The primarch was waiting for them.
As they disembarked from the Rising Sun and onto the main hangar platform of Fidelitas Lex, Lorgar stood in full warplate, the massive crozius maul Illuminarum in his grey fists. At his side, Erebus and Kor Phaeron wore their own granite-dark armour, the surfaces of each armour plate etched with invocations from the Word. Behind them, the entire First Company formed an imposing welcome in their overbearing suits of Terminator wargear, bearing double-barrelled bolters and long blades in brutish fists.
Lorgar’s benevolent countenance broke into a warm smile as the thirty-seven crimson warriors walked onto the hangar deck. As one, they went to their knees before their liege lord.
Lorgar gestured for them to rise. ‘Are your memories so short? My Gal Vorbak need never kneel before me.’
Argel Tal was the first back to his feet, noting the distaste upon Kor Phaeron’s aged features. He growled, baring his teeth at the first captain as his gauntlet claws extended.
Lorgar chuckled at the display. ‘My prayers are answered,’ the primarch continued, ‘for you have arrived.’
‘As ordered,’ said Argel Tal and Xaphen in the same moment.
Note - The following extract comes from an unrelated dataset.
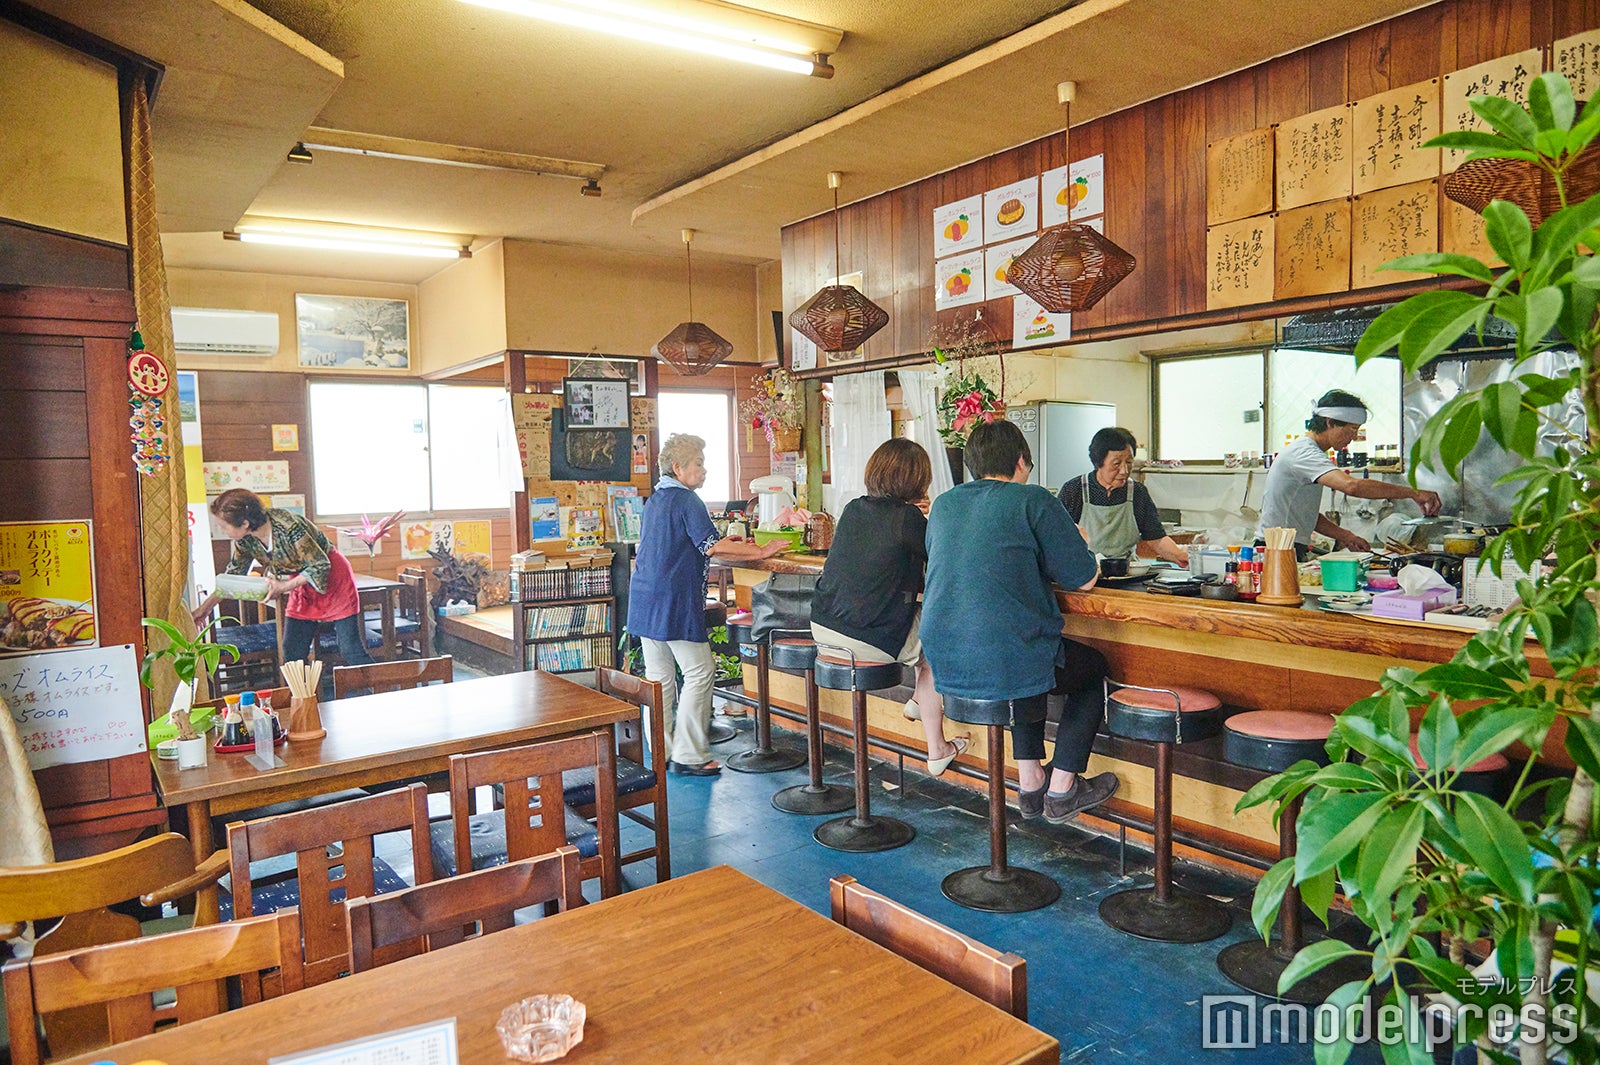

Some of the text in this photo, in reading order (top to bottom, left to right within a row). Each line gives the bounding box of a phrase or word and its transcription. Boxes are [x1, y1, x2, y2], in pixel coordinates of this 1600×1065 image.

The Gal Vorbak had little cohesion in their ranks. There was no pretence of standing at attention or gathering in orderly rows. They stood together but alone, each one remaining among their brothers yet guarding their personal space with narrowed eyes behind crystal blue helm lenses.
‘We make planetfall within the hour,’ Lorgar said. ‘Argel Tal, Xaphen, for now, I would have you come with us. You will rejoin your brothers before we commence the assault.’
‘Very well,’ said Argel Tal.
‘The Custodes?’ Lorgar asked. ‘Tell me they still live.’
‘They still live. We have them scattered on four separate vessels, assigned with “overseeing the defence” if the vessels are boarded in the coming battle.’
‘They know there will be a battle?’ Lorgar rounded on Argel Tal.
‘They are not fools, nor are they inured to news as it spreads from ship to ship. They are placed on four vessels that are... delayed... in the warp. Their Navigators and captains have been appraised of the situation’s delicacy, sire. The Custodes will not arrive until the Battle of Isstvan is won.’
Xaphen broke in. ‘They were spared, as you ordered.’ He ignored Argel Tal’s glare, feeling it despite the fact his brother still wore his helm.
‘It was not my order – at least not in recent years.’ The primarch gestured to Erebus, who inclined his head in turn. ‘The First Chaplain has demanded they remain alive all this time. He weaves the plans that require them alive.’
Argel Tal said nothing, though he openly radiated annoyance. Xaphen was less restrained. ‘Erebus?’ he asked, smiling behind his faceplate. ‘I have paid heed to every addendum and subscript in the Book of Lorgar, brother. I’ve used many of your new rituals myself. I would be keen to learn more of this one.’
‘In time, perhaps.’
Xaphen thanked the other Chaplain as the group moved on. Erebus remained closest to the primarch as they walked away – his stoic, tattooed features as stern and dignified as ever. Kor Phaeron stalked in their wake, the heavy gear-joints of his Terminator armour grinding with each step. Xaphen kept his actions the very mirror of Erebus’s, but Argel Tal glanced at the First Captain with a smile.
‘What amuses you, brother?’ the ageing half-Astartes asked.
‘You do, old one. You reek of fear. I pity you, that they never bred the human terror out of your bones.’
‘You think I feel fear?’ The scarred face twisted into something even sourer. ‘I have seen more than you know, Argel Tal. We have not been idle in the true Legion, while you danced at the galaxy’s edge, playing nursemaid to the Custodes.’
Argel Tal merely chuckled, the laugh leaving his helm in a low growl of crackling vox.
The Fidelitas Lex played host to a gathering of rare significance.